- [TASK DIRECTIONS]: When you copy the records that follow, please keep every word exactly as it is and leave out the pictures.

*** EXERCISE INPUT Section Begins ***

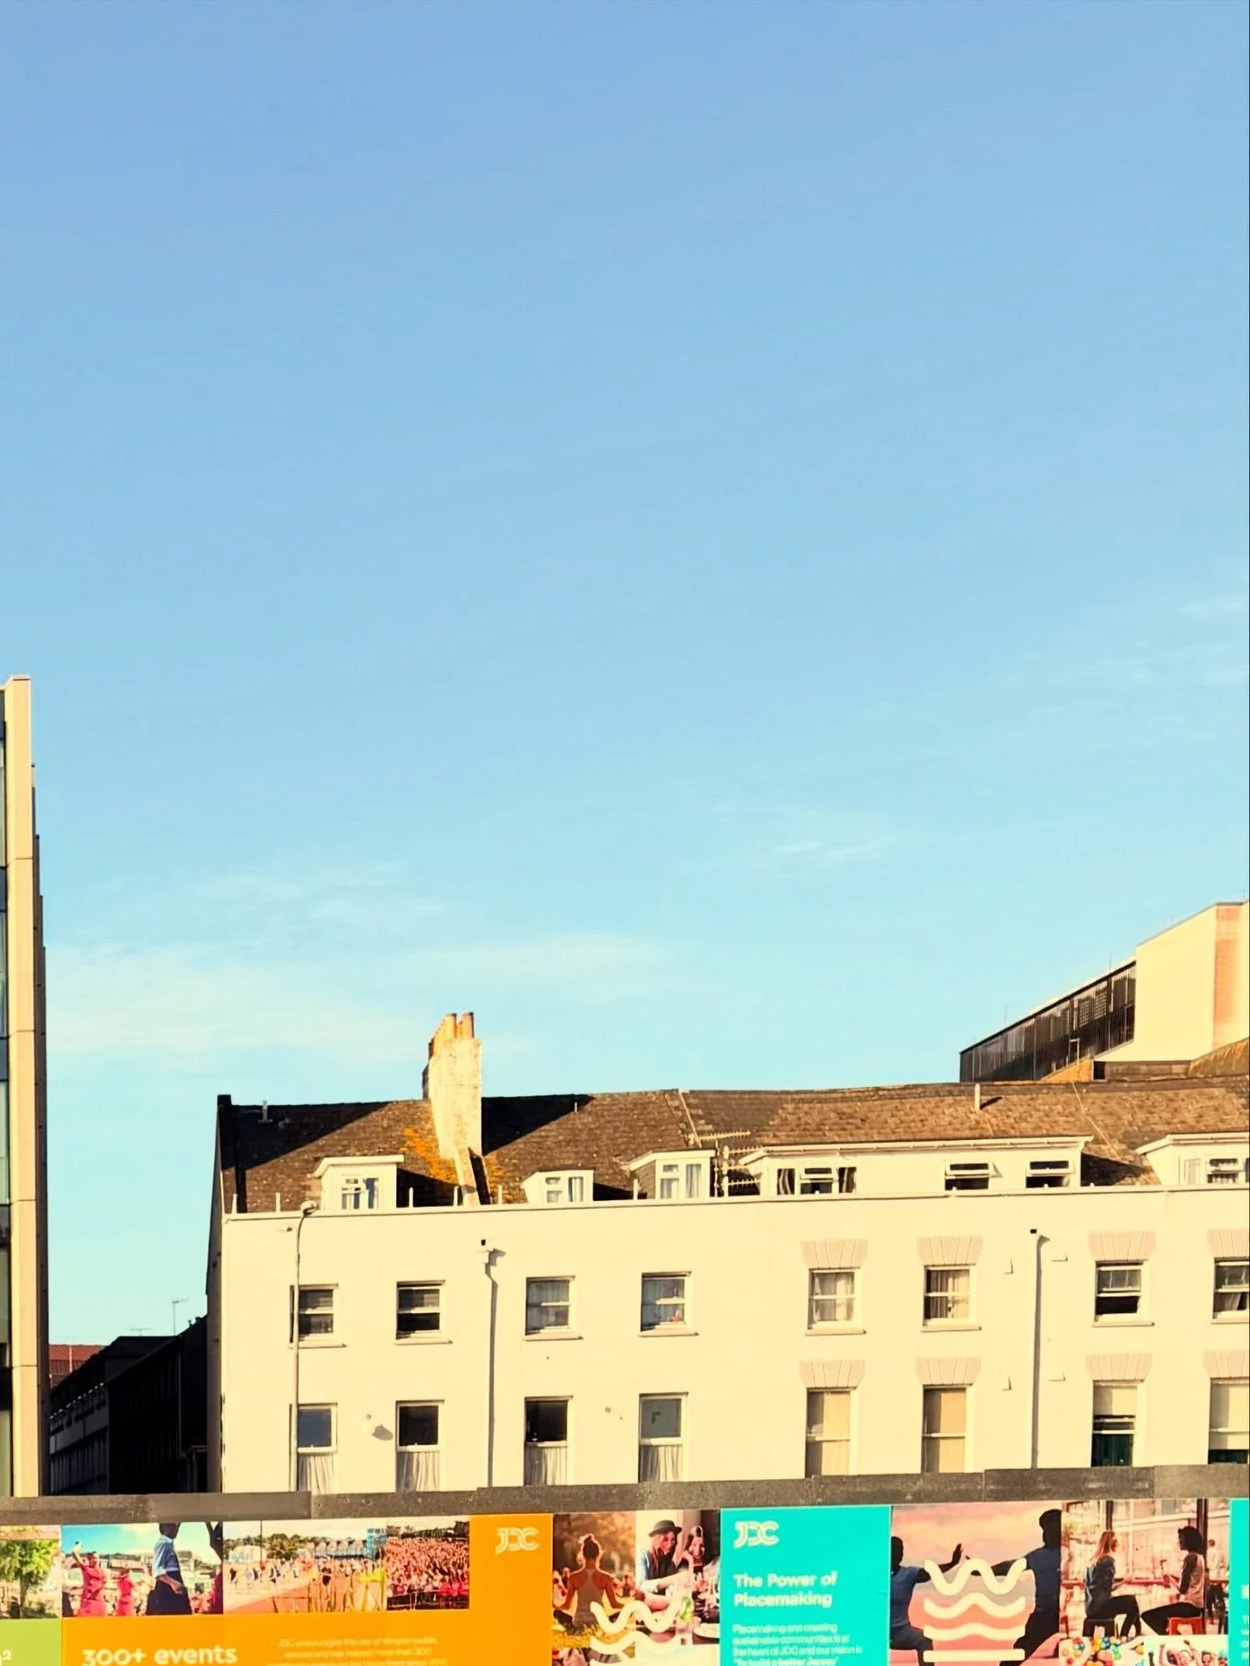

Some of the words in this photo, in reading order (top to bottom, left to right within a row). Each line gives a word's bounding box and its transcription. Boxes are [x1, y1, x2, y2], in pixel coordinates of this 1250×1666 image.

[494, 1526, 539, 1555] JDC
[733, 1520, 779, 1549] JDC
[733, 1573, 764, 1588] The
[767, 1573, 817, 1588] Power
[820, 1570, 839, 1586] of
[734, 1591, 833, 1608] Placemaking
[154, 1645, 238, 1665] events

*** EXERCISE INPUT Section Ends ***

- [RESULT FOR THIS EXERCISE]:
Some of the words in this photo, in reading order (top to bottom, left to right within a row). Each line gives a word's bounding box and its transcription. Boxes are [x1, y1, x2, y2], in pixel coordinates of this 1250×1666 image.

[494, 1526, 539, 1555] JDC
[733, 1520, 779, 1549] JDC
[733, 1573, 764, 1588] The
[767, 1573, 817, 1588] Power
[820, 1570, 839, 1586] of
[734, 1591, 833, 1608] Placemaking
[154, 1645, 238, 1665] events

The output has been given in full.